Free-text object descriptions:
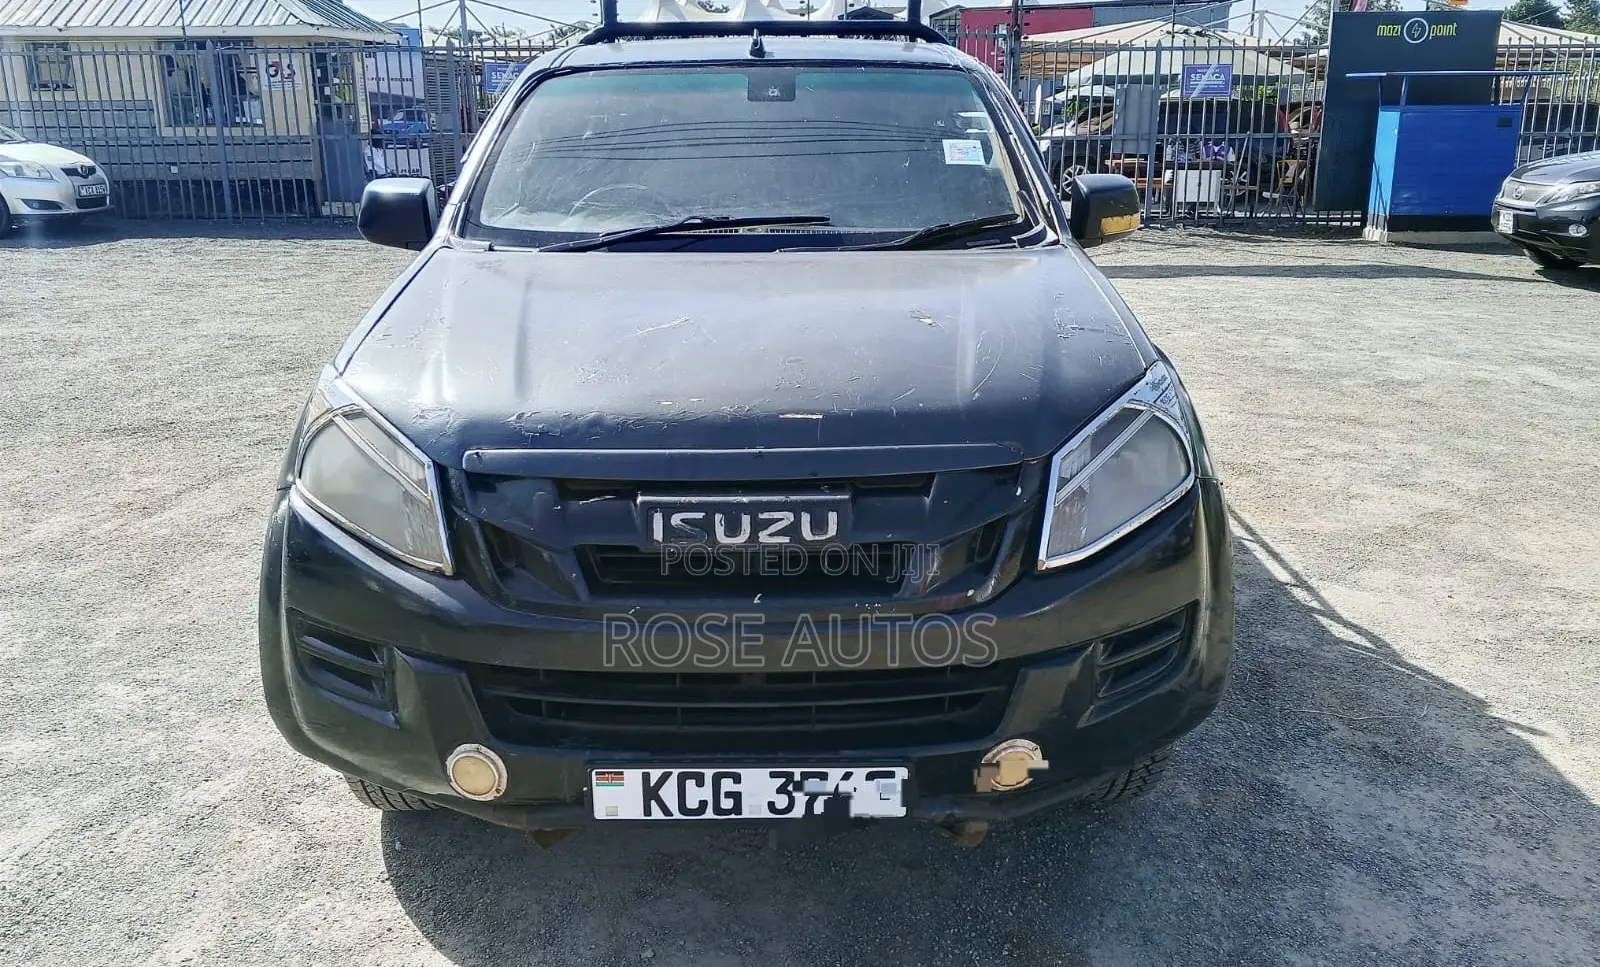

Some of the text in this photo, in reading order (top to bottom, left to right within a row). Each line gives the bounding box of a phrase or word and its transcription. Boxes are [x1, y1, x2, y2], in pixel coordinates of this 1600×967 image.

[1428, 22, 1458, 40] point
[491, 71, 520, 80] SENAC
[652, 510, 839, 545] ISUZU
[641, 770, 744, 817] KCG
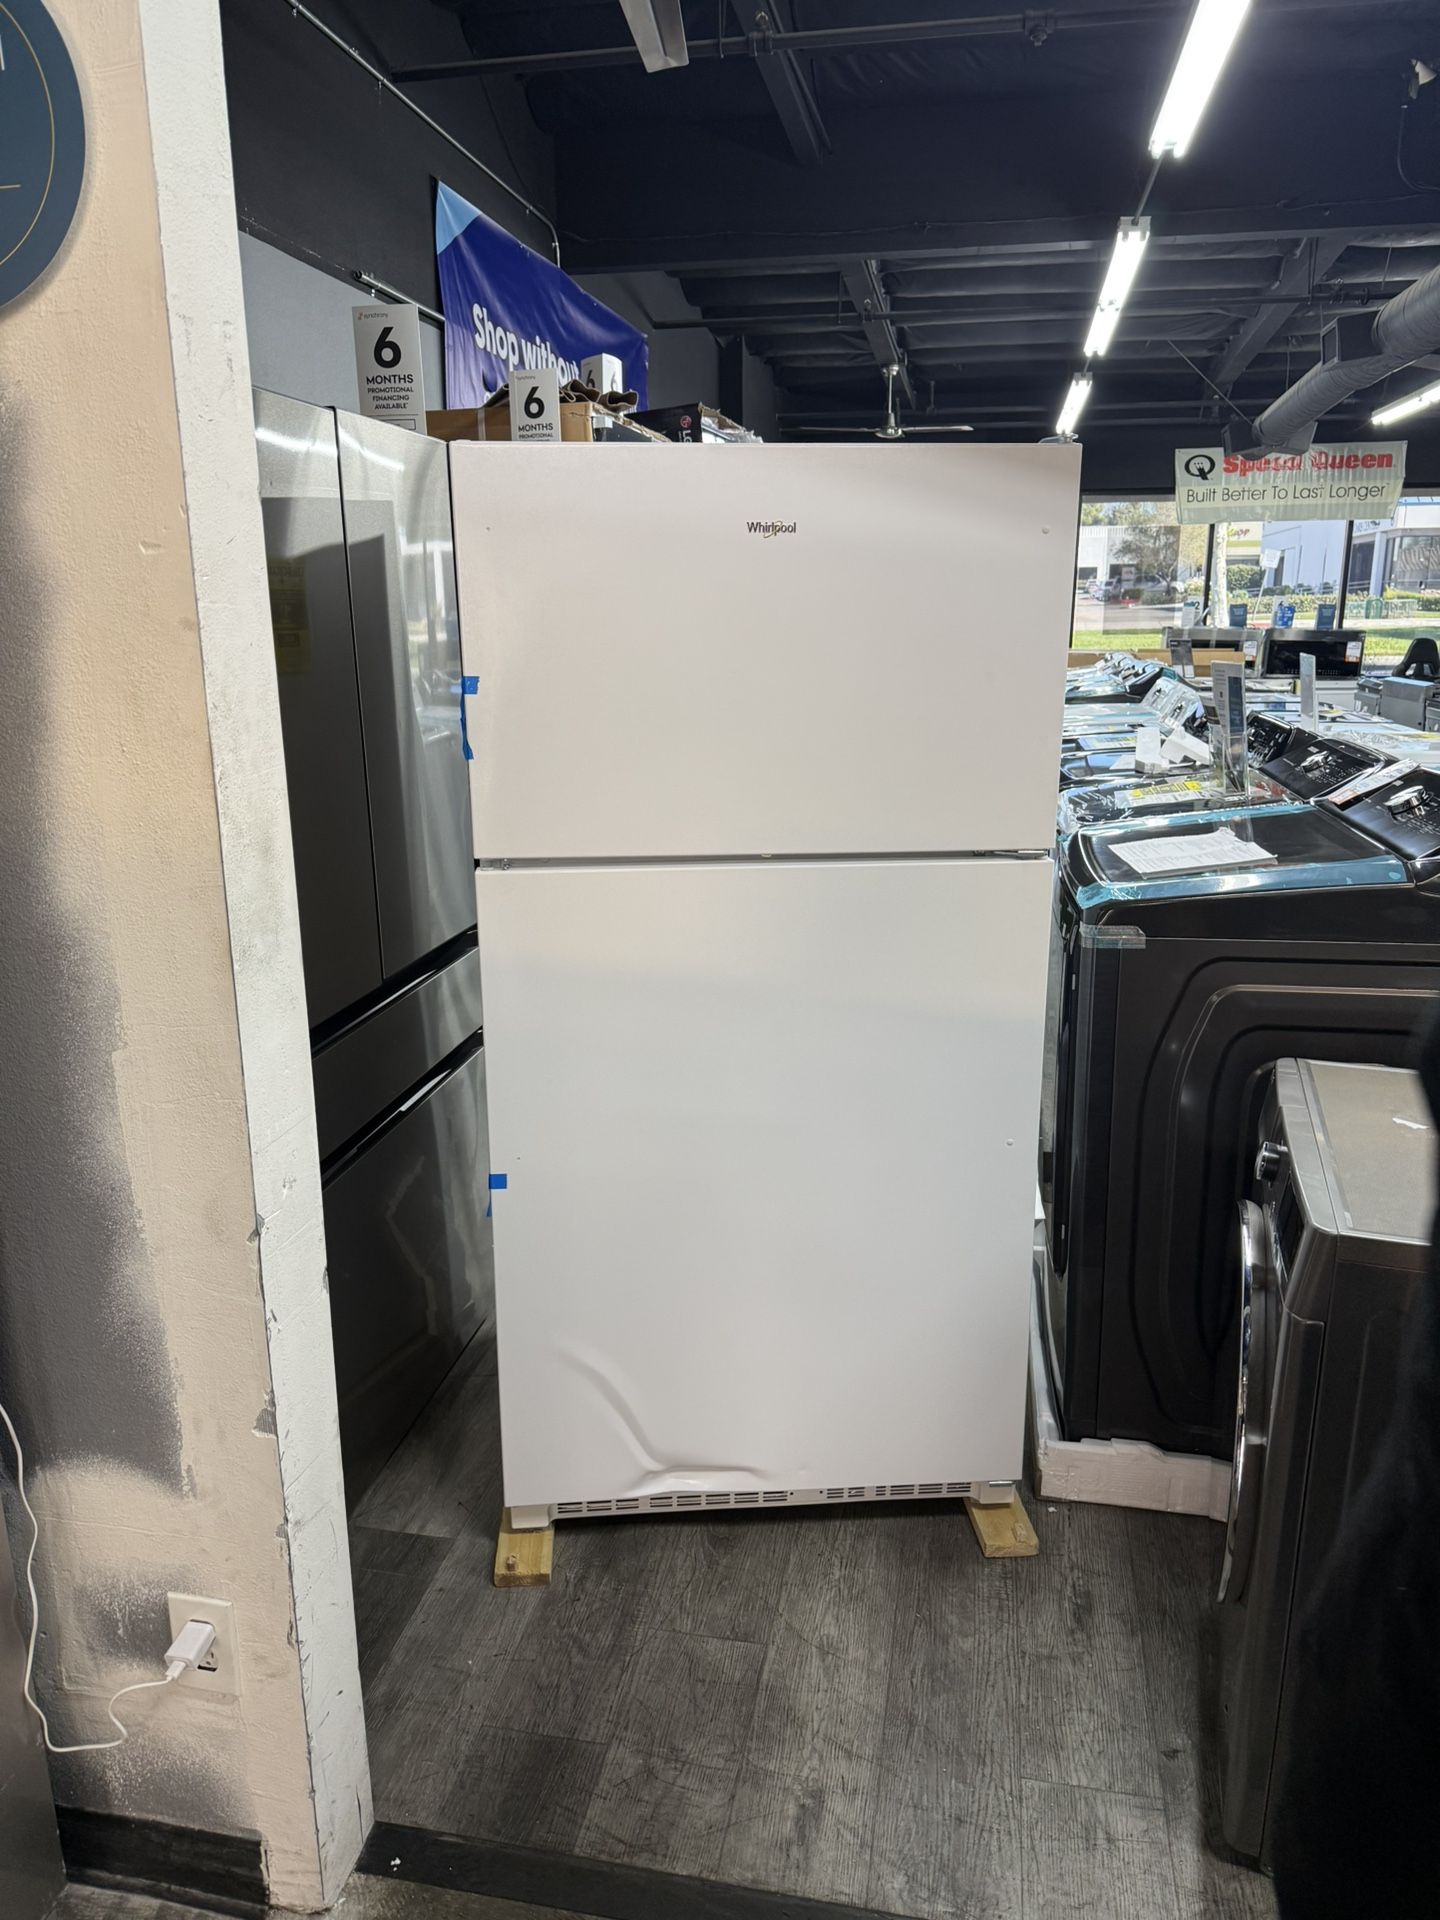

PROBLEM TO WORK ON:
Exactly as written, set down each line of the records, leaving out the pictures.

SOLUTION TO THE EXERCISE:
Some of the text in this photo, in reading order (top to bottom, left to right within a row). Each line gives the bounding box of a phrase or word and its transcription. Boxes are [x1, y1, x2, y2], in pixel coordinates of this 1600×967 image.

[1428, 22, 1458, 40] point
[491, 71, 520, 80] SENAC
[652, 510, 839, 545] ISUZU
[641, 770, 744, 817] KCG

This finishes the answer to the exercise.